Financing activities, the NZD 3 million outflow is the interest, and we've repaid NZD 2 million of the BNZ facility. At the half year, down a couple of mil, but leaving us overall our cash balance around about the same at NZD 5.8 million. Moving to the balance sheet. I guess the key pieces here are net debt remaining around the same, just under NZD 30 million. We are in the process of renewing, the banking arrangements with the BNZ. We've signed the committed term sheet, and we'll be signing, the documentation. We anticipate it'll be in, probably next week or the week after. That'll extend the facility. The main facility then goes out to April 2026, and there is, a part of it is the NZD 5 million, which actually goes out to May.
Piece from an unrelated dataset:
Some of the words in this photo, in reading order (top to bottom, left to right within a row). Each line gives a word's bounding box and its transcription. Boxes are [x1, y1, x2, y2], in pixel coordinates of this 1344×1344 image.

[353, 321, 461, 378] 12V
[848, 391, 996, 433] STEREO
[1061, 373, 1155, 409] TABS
I think the other key feature on the balance sheet really is the current assets, and that's primarily the inventory holdings. That's it for the balance sheet, Hartley. I'll pass back to you.

Hartley Atkinson
Managing Director, AFT Pharmaceuticals

Yeah. Look, just the final page, the kinda outlook and the summary. Traditionally, we have always had a stronger second half with more like 60% of the sales carrying the second half. We expect this year, this period to be at least the same or even more so as we have a lot of additional launches in the second half planned. Our key focus at the moment is getting those launches completed and things on time, which is not always 100% simple presently with shipping and production lead times. We're certainly focused on that.
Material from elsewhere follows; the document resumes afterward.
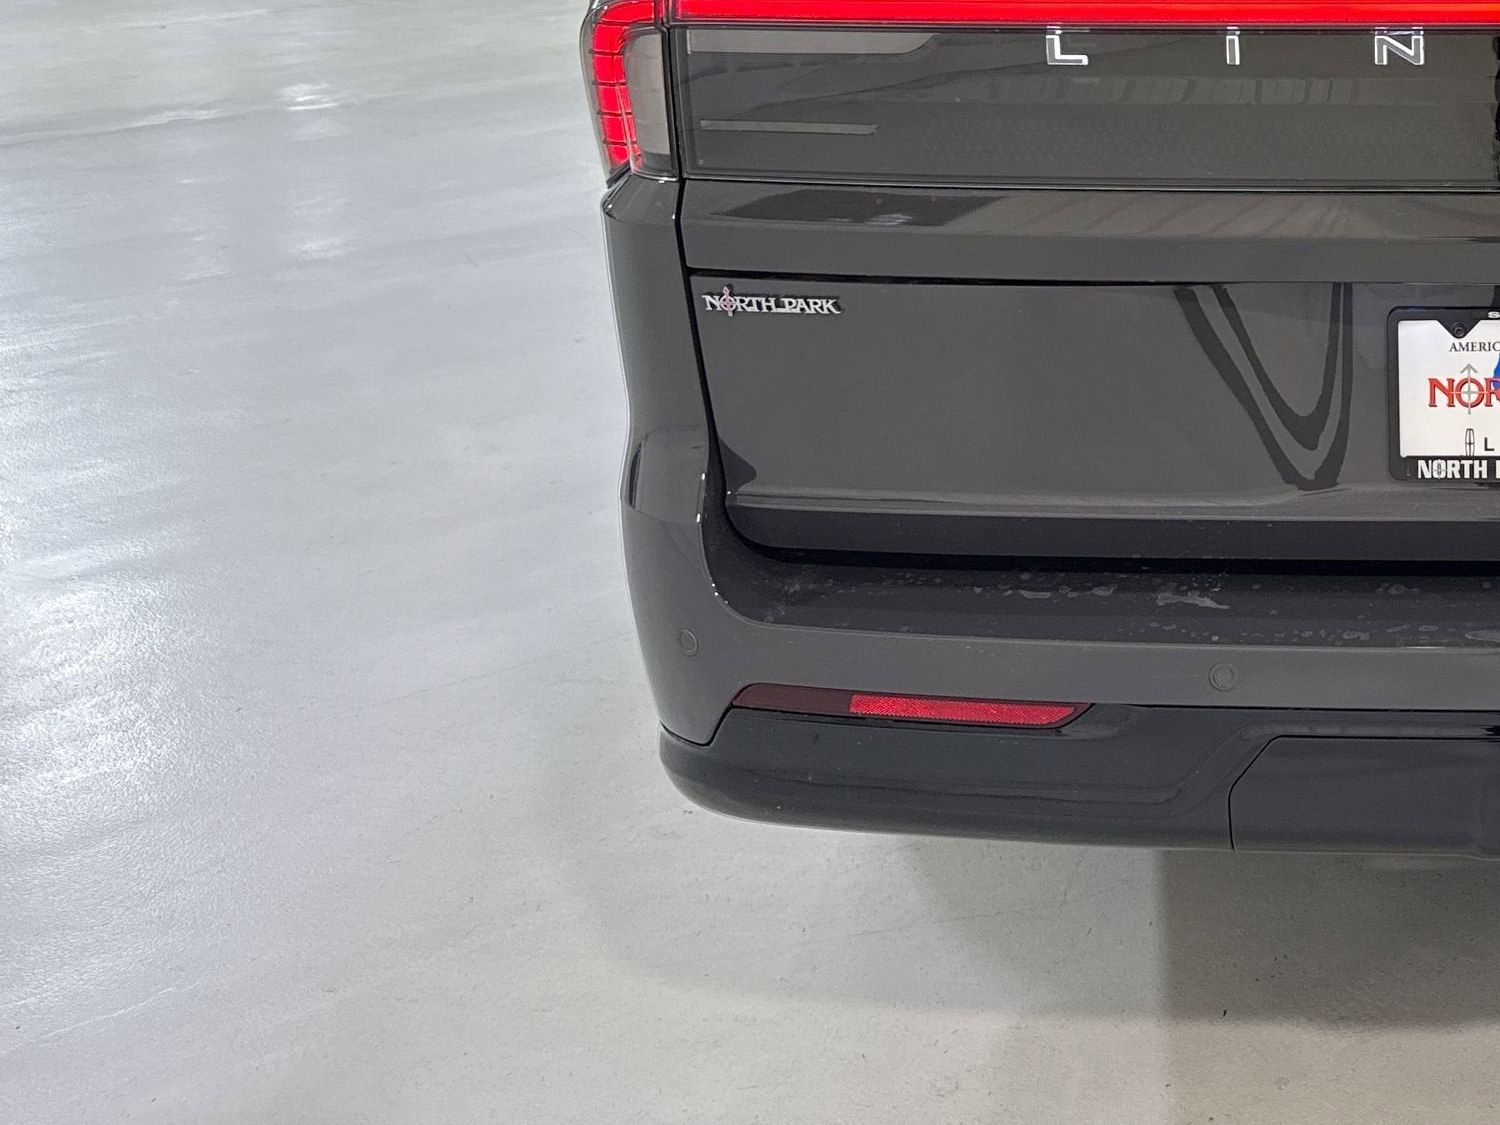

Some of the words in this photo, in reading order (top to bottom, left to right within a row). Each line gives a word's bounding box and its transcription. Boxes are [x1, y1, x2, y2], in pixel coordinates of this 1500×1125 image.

Look, we have had higher, and we are increasing our investment as well in the second half in sales and distribution because we want to make sure we that those launches are successful and have the right amount of investment behind them. That together with delayed licensing income, we have revised our guidance to NZD 18 million-NZD 23 million for this financial year. We do expect. If we split it out, we see sort of the sale of existing products and product royalties to generate profits of between NZD 17.5 million-NZD 21 million, which is up quite a lot from last year, where we did also have a chunk of licensing income as well.

Basically, then in terms of looking separately at licensing income, you know, this by its nature tends to be less predictable and lumpy, and we're looking at that contributing between NZD 0.5 million- NZD 2 million to operating profit. Going forward, we are looking at splitting this out, 'cause certainly people have said to us that this is the area they find is a little bit confusing and hard to follow, and certainly, there is that lumpiness, and the timing can cause issues. Look, that sort of is what makes up the NZD 18 million-NZD 23 million. What we're doing too, very much so, is we wanna put our foot on the accelerator. We are looking to exceed our target. Our near-term target is to exceed a couple NZD 100 million in annual sales, and we're pushing on to that.

It wasn't that long ago we broke NZD 100 million, so we're certainly making sure and gearing the business to really ramp the sales up, which long term is what we see as the key item going forward. We are confident of securing that previously budgeted licensing revenue around Maxigesic IV, which we see as basically delayed by additional regulatory questions. You know, so we see that as occurring next year as opposed to this year. In terms of a maiden dividend, look, we're still on track. The cash position is good and positive. We're normally always tighter in terms of cash flow in the first half, and the second half, we've always found is more positive.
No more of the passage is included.